On a call with analysts, Calvin McDonald, CEO, said revenue in the first quarter increased 32 percent versus last year and 27 percent on a three-year CAGR basis, while adjusted EPS grew 28 percent and 26 percent on the same basis.
“Several notable metrics underscore our performance this quarter,” said McDonald. “Starting with product, the guest response to our core and new merchandise remains very strong. Our product continues to drive demand, and we experienced robust traffic growth in both channels, with stores and e-commerce up approximately 40 percent.”
McDonald also said inventory, being up 74 percent year-over-year at the end of the quarter, is not a concern. McDonald said, “While our levels are higher than our historical norms, we are comfortable with the quality and composition of our inventory; this allows us to balance the momentum we’re seeing in the business with the challenges that remain within the global supply chain.”
He also elaborated on why Lululemon expects a minimal impact from the challenges currently facing China and overall inflationary pressures.
In the quarter ended May 1, revenue increased 31.6 percent to $1.6 billion, surpassing guidance that called for sales to be in the range of $1.525 billion to $1.55 billion. Net revenue increased 32 percent in North America and grew 29 percent globally.
Total same-store sales jumped 28 percent, or 29 percent on a constant-dollar basis. Comparable store sales increased 24 percent. DTC, or digital, revenue increased 32 percent, or 33 percent, on a constant-dollar basis.
On a three-year CAGR basis, total revenue increased 27 percent, an acceleration from Q4. In the store channel, sales increased 36 percent on a one-year basis and 13 percent on a three-year CAGR basis.
Productivity was above 2019 levels and continues to trend that way to date in Q2. In its digital channel, revenues increased 51 percent on a three-year CAGR basis and represented 45 percent of total revenue compared to 44 percent for the first quarter of 2021.
By category, men’s revenue increased 30 percent on a three-year CAGR basis, women’s increased 24 percent, and accessories grew 43 percent on the same basis.
In-store traffic increased over 40 percent in the first quarter year-over- year while traffic to e-commerce sites and apps globally increased by nearly 40 percent.

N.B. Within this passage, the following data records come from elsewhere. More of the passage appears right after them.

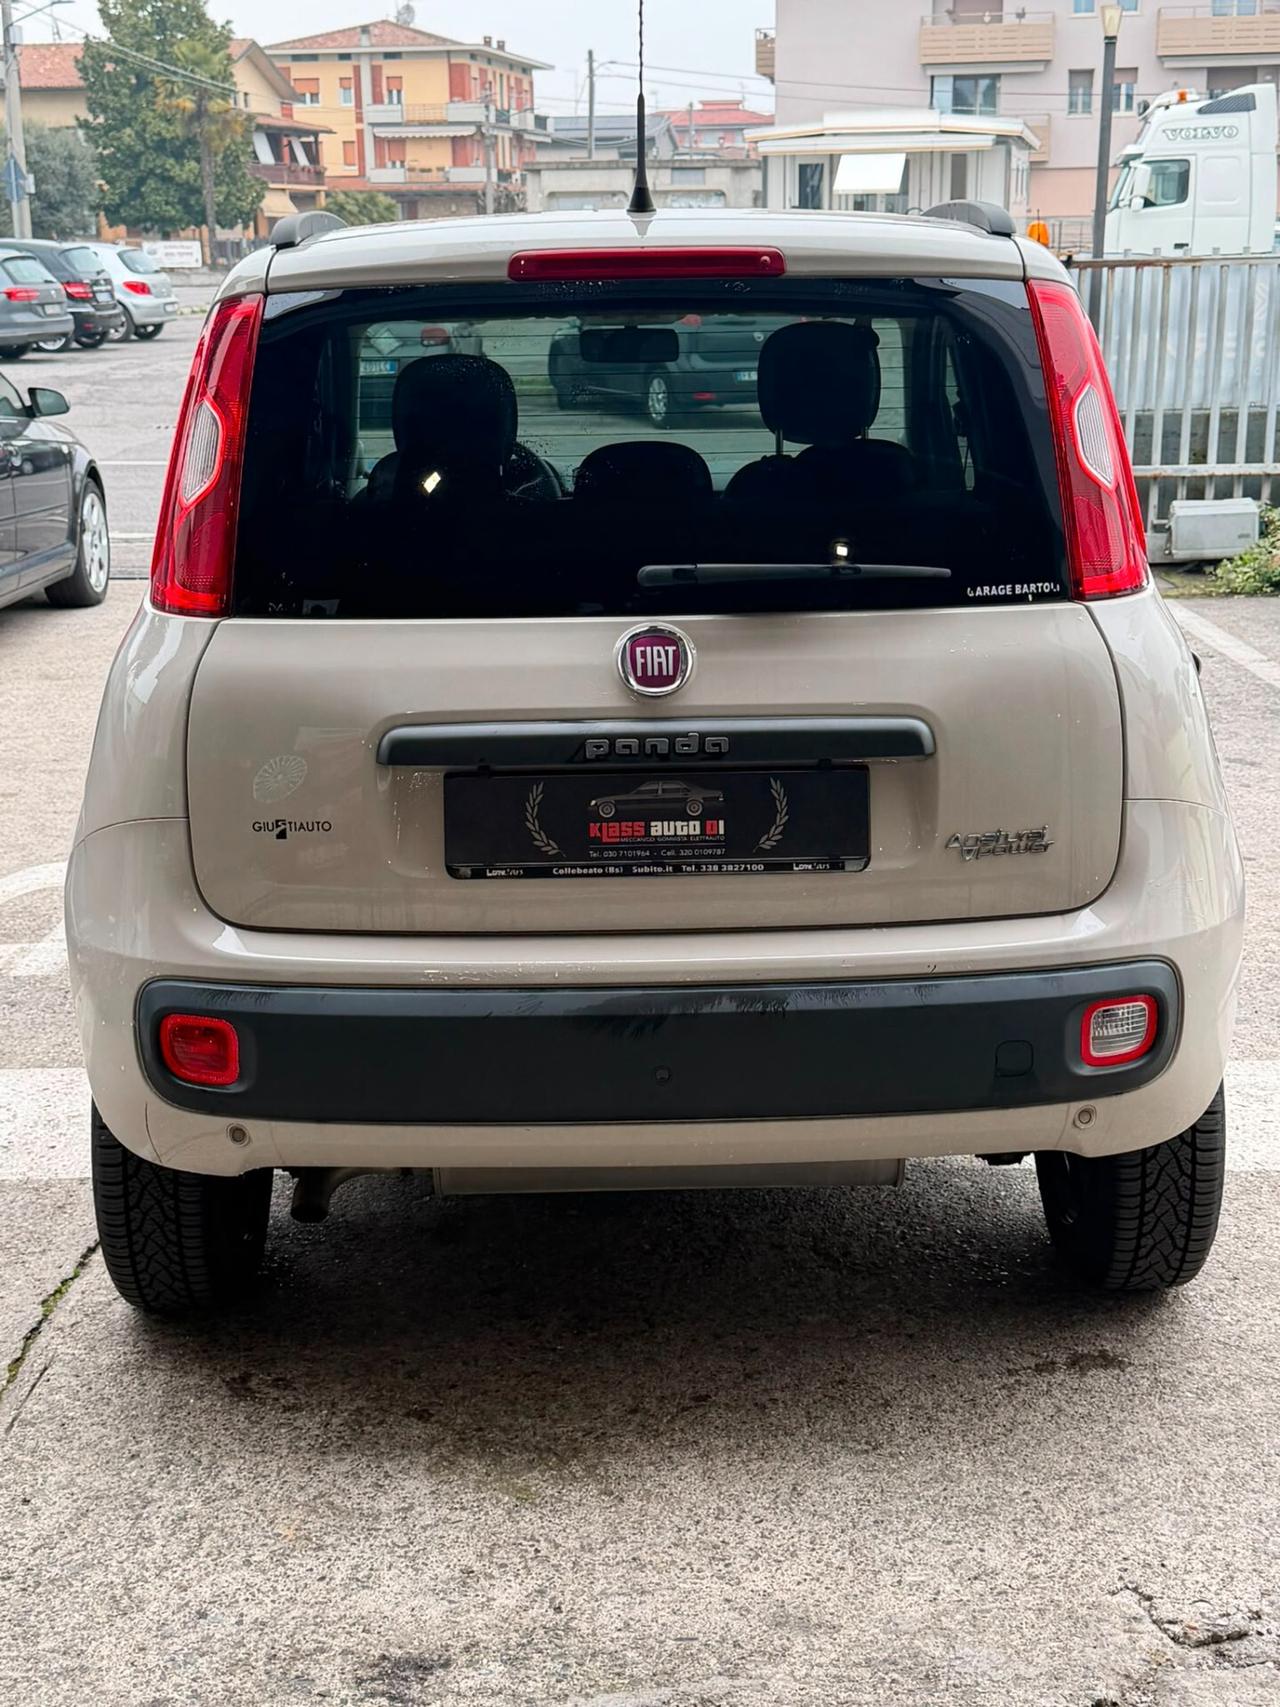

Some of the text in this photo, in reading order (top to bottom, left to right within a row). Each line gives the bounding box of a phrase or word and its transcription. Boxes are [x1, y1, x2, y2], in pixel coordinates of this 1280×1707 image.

[1163, 125, 1239, 141] VOLVO
[635, 646, 676, 677] FIAT
[553, 866, 604, 876] Collebeato
[632, 863, 674, 874] Subito.it
[681, 863, 699, 873] Tel.
[721, 862, 765, 872] 3827100
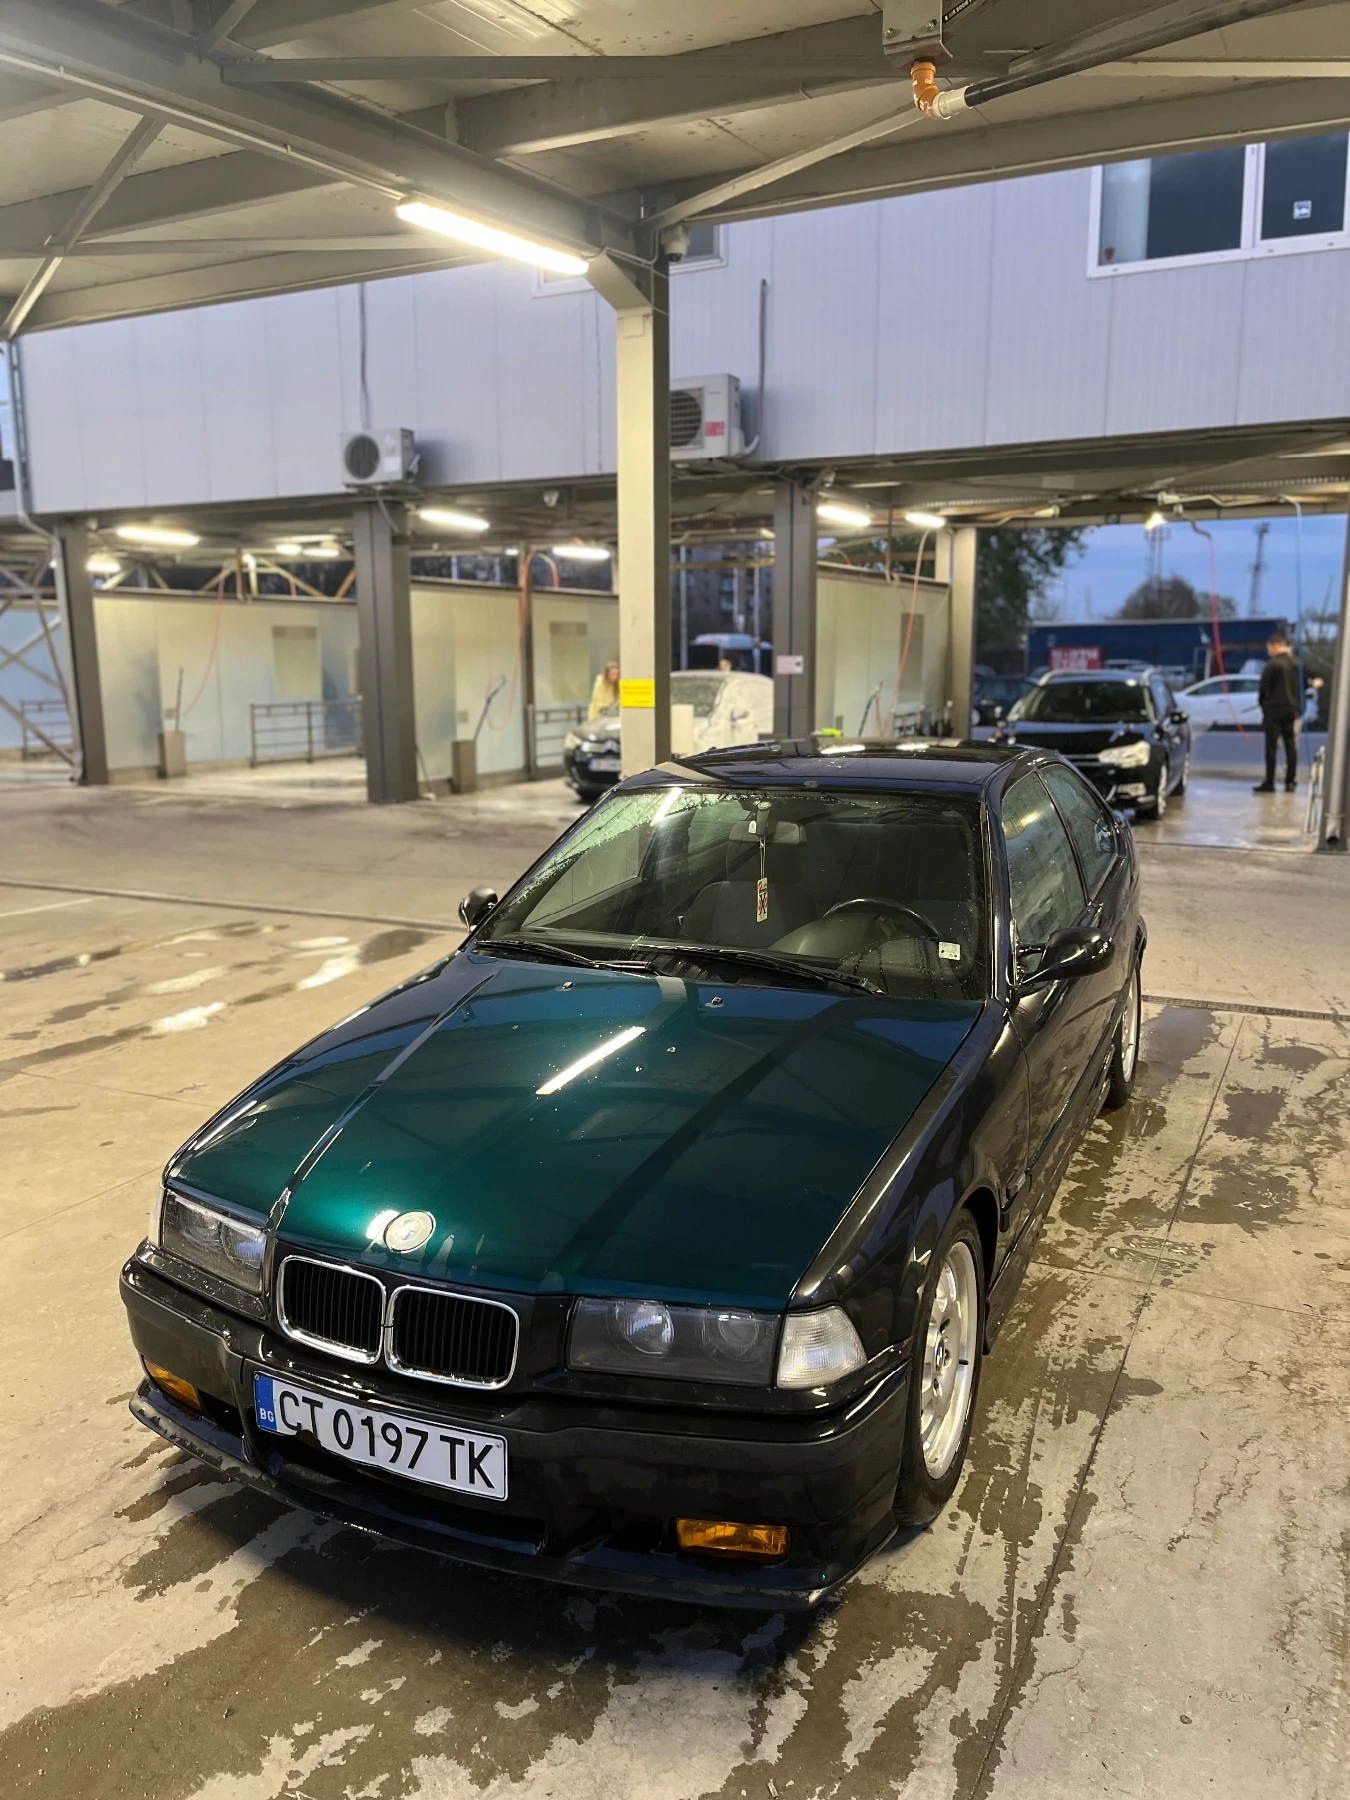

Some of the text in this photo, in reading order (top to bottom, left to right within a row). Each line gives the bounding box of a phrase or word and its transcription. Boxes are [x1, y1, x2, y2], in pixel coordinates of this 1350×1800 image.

[260, 1407, 275, 1422] BG
[279, 1390, 495, 1489] CT 0197 TK

On a three-year CAGR basis, traffic was up over ten percent in stores and nearly 40 percent in e-commerce.
Gross profit in the quarter climbed 24 percent to $870.4 million, although gross margin decreased 320 basis points to 53.9 percent. The lower gross margin was driven by a 370 basis point decrease in product margin. Q1 product margin included an increase of approximately 340 basis points in air freight, related to macro supply chain challenges, which was higher than the guidance of 300 basis points due to increased usage relative to initial plans. Markdowns were approximately flat with last year. Relative to 2019, markdowns decreased by 40 basis points. Lululemon also experienced ten basis points of deleveraging from foreign exchange. These negatives were partially offset by 60 basis points of leverage on fixed costs, driven by occupancy and depreciation.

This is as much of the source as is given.